Business Context
NovaBank is hiring an ML engineer to support fraud, credit risk, and personalization models across products serving millions of users. Before discussing advanced systems, the interview focuses on whether you can clearly explain the deep learning foundations needed to train and debug neural networks in production.
Dataset
Use a realistic supervised learning dataset for demonstration: a customer event classification table built from mobile banking sessions. The goal is not to build the most complex model, but to explain core deep learning concepts through a practical binary classification task.
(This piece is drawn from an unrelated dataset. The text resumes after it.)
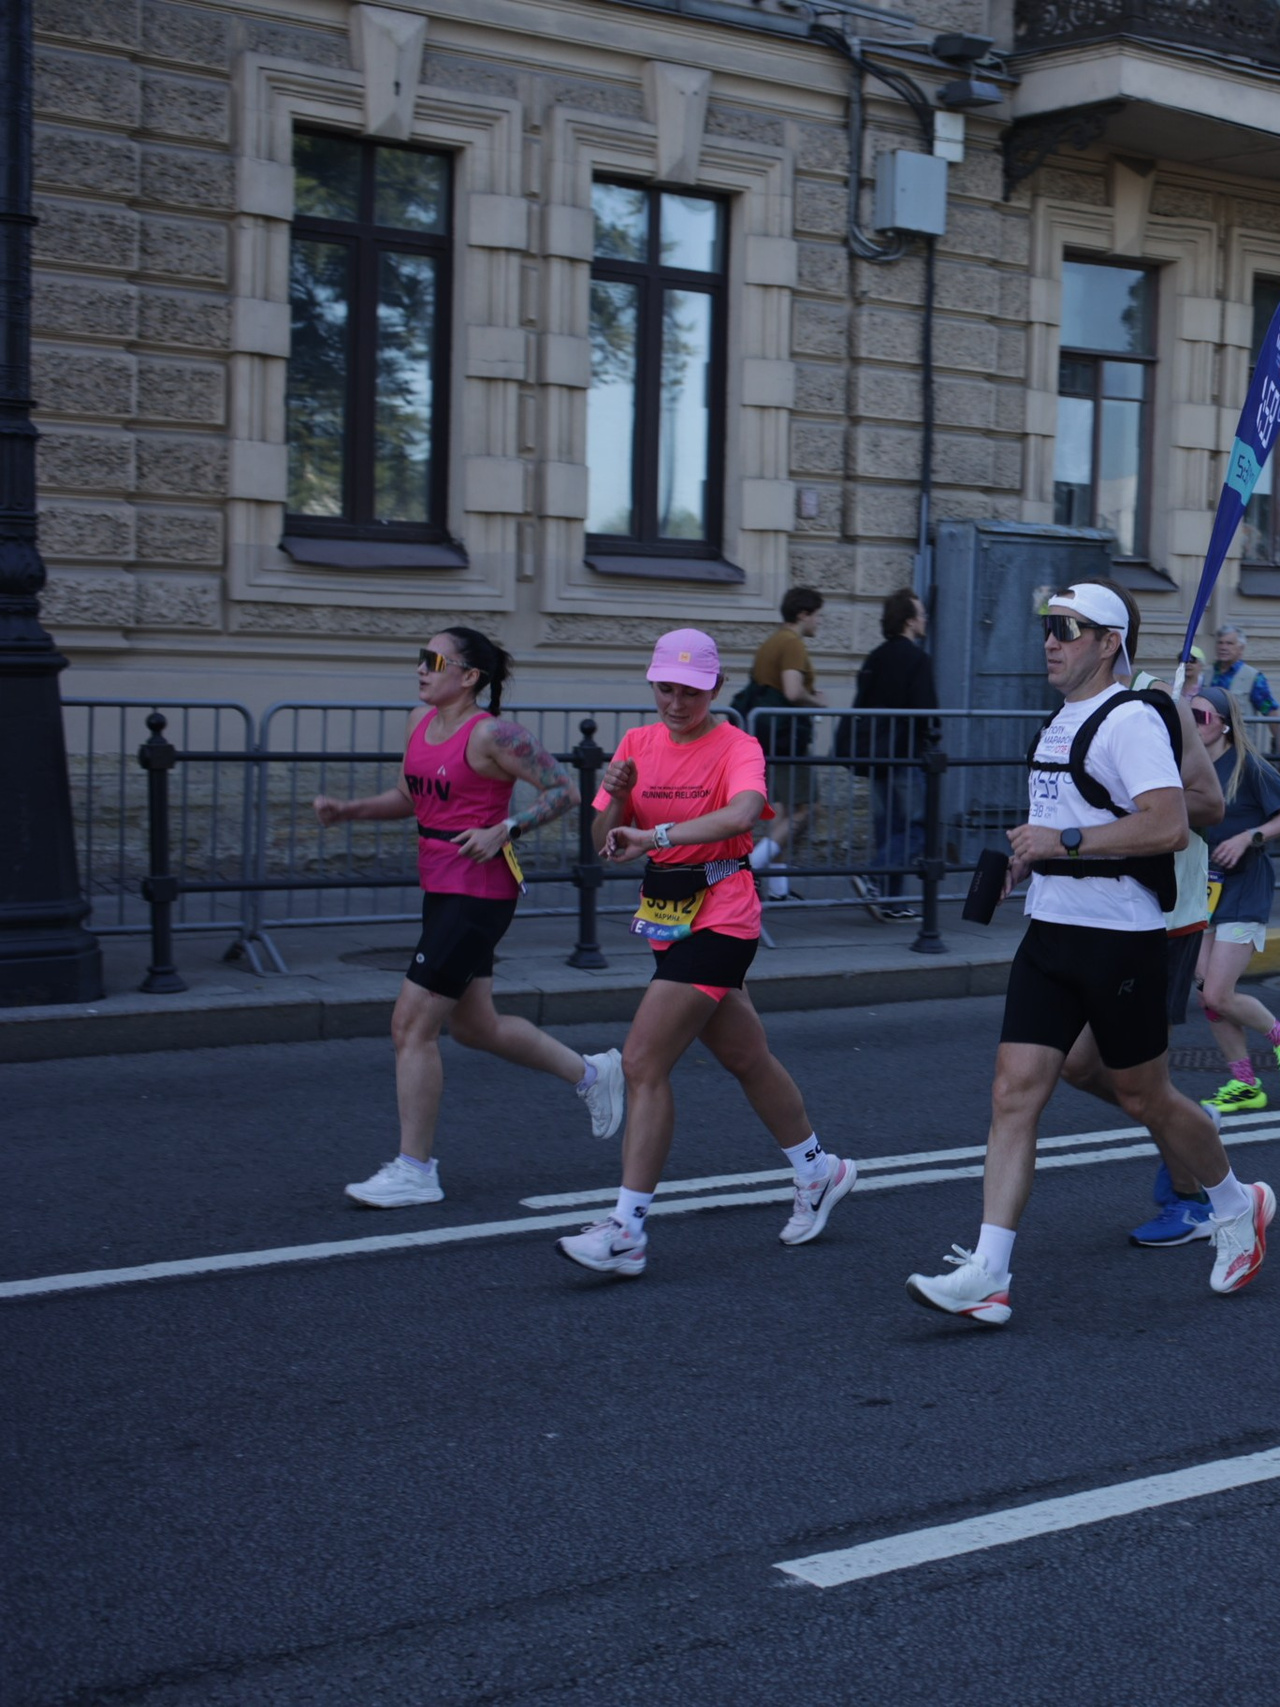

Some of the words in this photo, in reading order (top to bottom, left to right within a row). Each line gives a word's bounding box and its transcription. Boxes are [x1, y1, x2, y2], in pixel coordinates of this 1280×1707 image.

[641, 790, 673, 799] RUNNING
[675, 788, 712, 799] RELIGION
[634, 920, 646, 933] E
| Feature Group | Count | Examples |
|---|
| Numerical behavior features | 18 | session_length_sec, transactions_7d, avg_amount, failed_logins_30d |
| Categorical account features | 9 | device_type, region, account_tier, acquisition_channel |
| Temporal features | 6 | hour_of_day, day_of_week, days_since_last_login |
| Engineered ratios | 5 | failed_login_rate, txn_per_session, amount_volatility |
| | |
- Size: 120K sessions, 38 input features
- Target: Binary label indicating whether a session ends in a high-risk event
- Class balance: 11% positive, 89% negative
- Missing data: 8% missing in behavioral features, 3% in categorical fields
Success Criteria
A strong answer should demonstrate that you can explain the following clearly and correctly:
- forward propagation and how layers transform inputs
- activation functions and why nonlinearity matters
- loss functions for classification
- backpropagation and gradient descent
- overfitting, regularization, and validation strategy
- how to interpret training vs validation curves
Constraints
- Explanations must be technically correct but understandable to non-research stakeholders
- The baseline model should train in minutes on a laptop CPU
- The solution should be simple enough to support debugging and feature inspection
Deliverables
- Train a baseline neural network for binary classification.
- Explain each core deep learning concept using this model as the example.
- Compare the neural network against a logistic regression baseline.
- Show how regularization changes generalization performance.
- Report evaluation metrics and discuss common failure modes in training.